Please transcribe the data below exactly. Leave the pictures out.

Collected data
▽
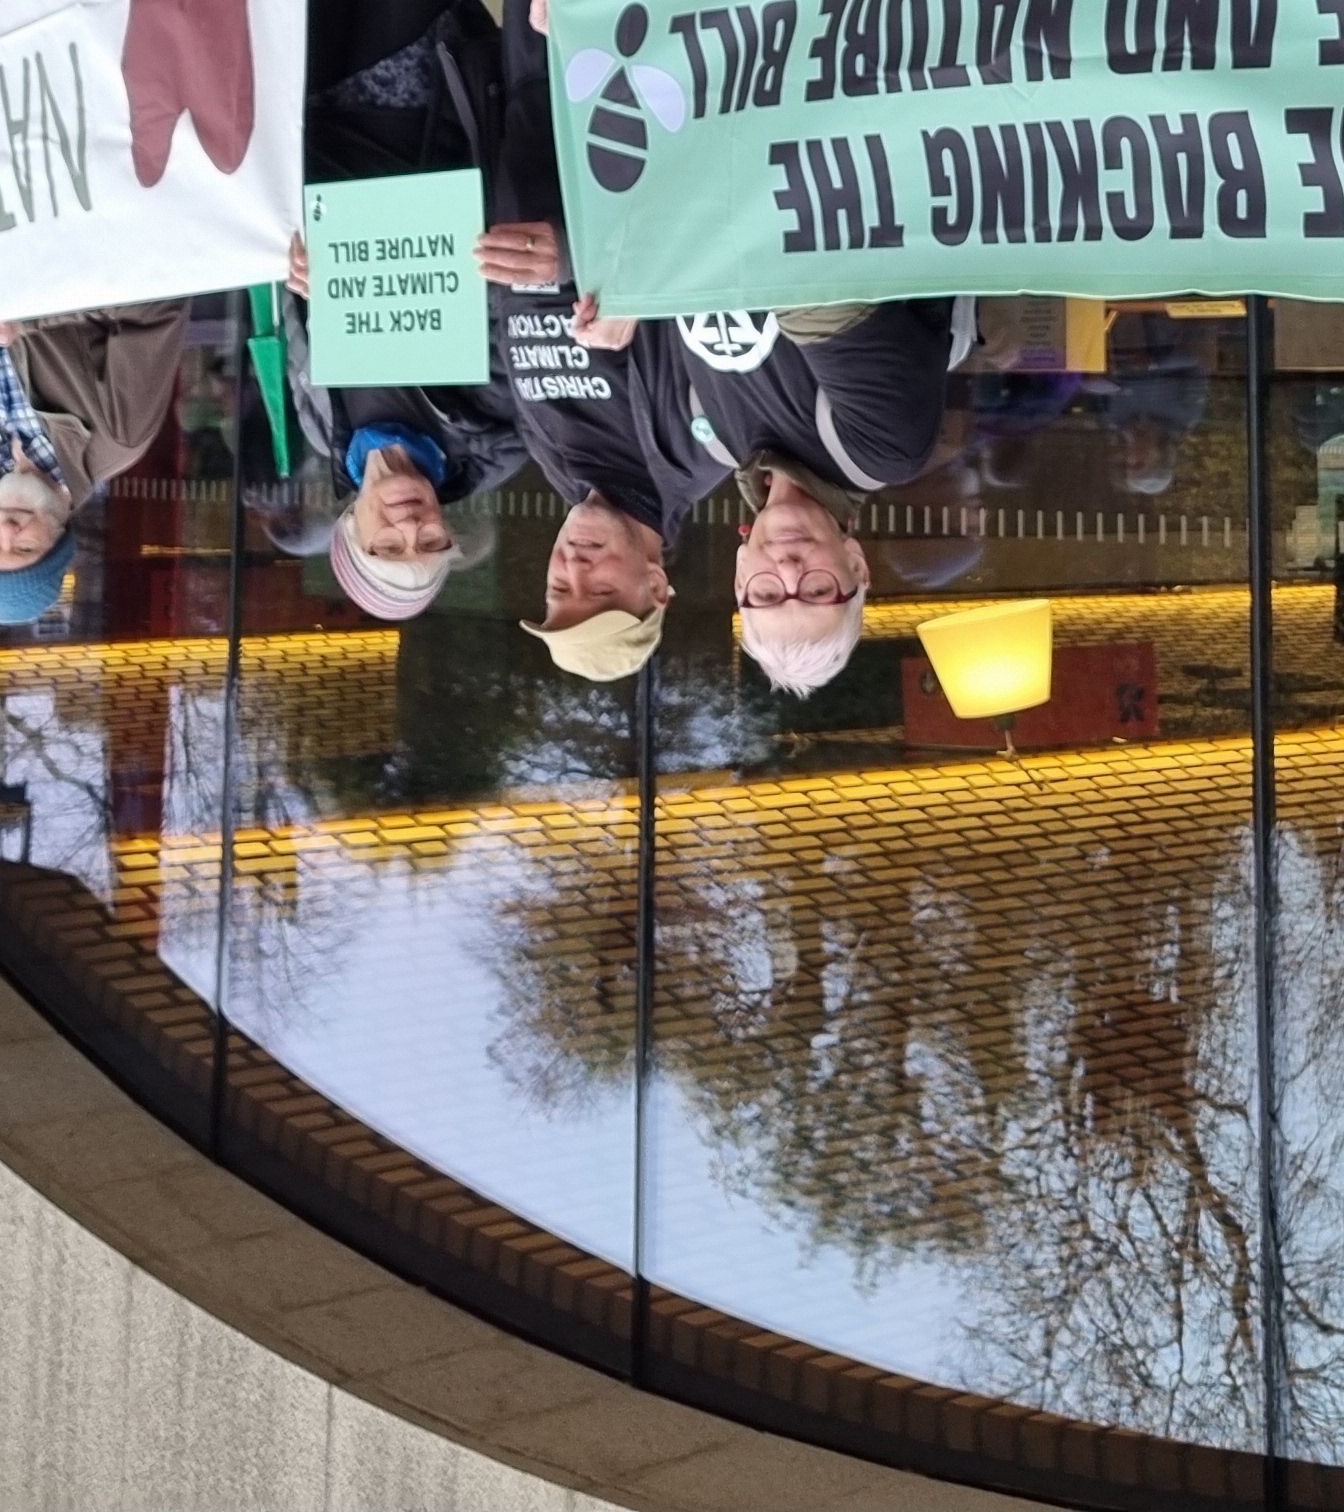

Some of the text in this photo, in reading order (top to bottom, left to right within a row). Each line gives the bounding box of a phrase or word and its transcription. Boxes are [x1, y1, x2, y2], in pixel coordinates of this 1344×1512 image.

[922, 110, 1267, 246] BACKING
[768, 133, 904, 253] THE
[328, 233, 454, 263] NATURE BILL
[327, 271, 459, 299] CLIMATE AND
[345, 309, 442, 334] BACK THE
[507, 314, 575, 338] ACTION
[509, 345, 590, 370] CLIMATE
[514, 375, 611, 402] CHRISTIA
△
**Answer space**
Some of the text in this photo, in reading order (top to bottom, left to right within a row). Each line gives the bounding box of a phrase or word and its transcription. Boxes are [x1, y1, x2, y2], in pixel coordinates of this 1344×1512 image.

[922, 110, 1267, 246] BACKING
[768, 133, 904, 253] THE
[328, 233, 454, 263] NATURE BILL
[327, 271, 459, 299] CLIMATE AND
[345, 309, 442, 334] BACK THE
[507, 314, 575, 338] ACTION
[509, 345, 590, 370] CLIMATE
[514, 375, 611, 402] CHRISTIA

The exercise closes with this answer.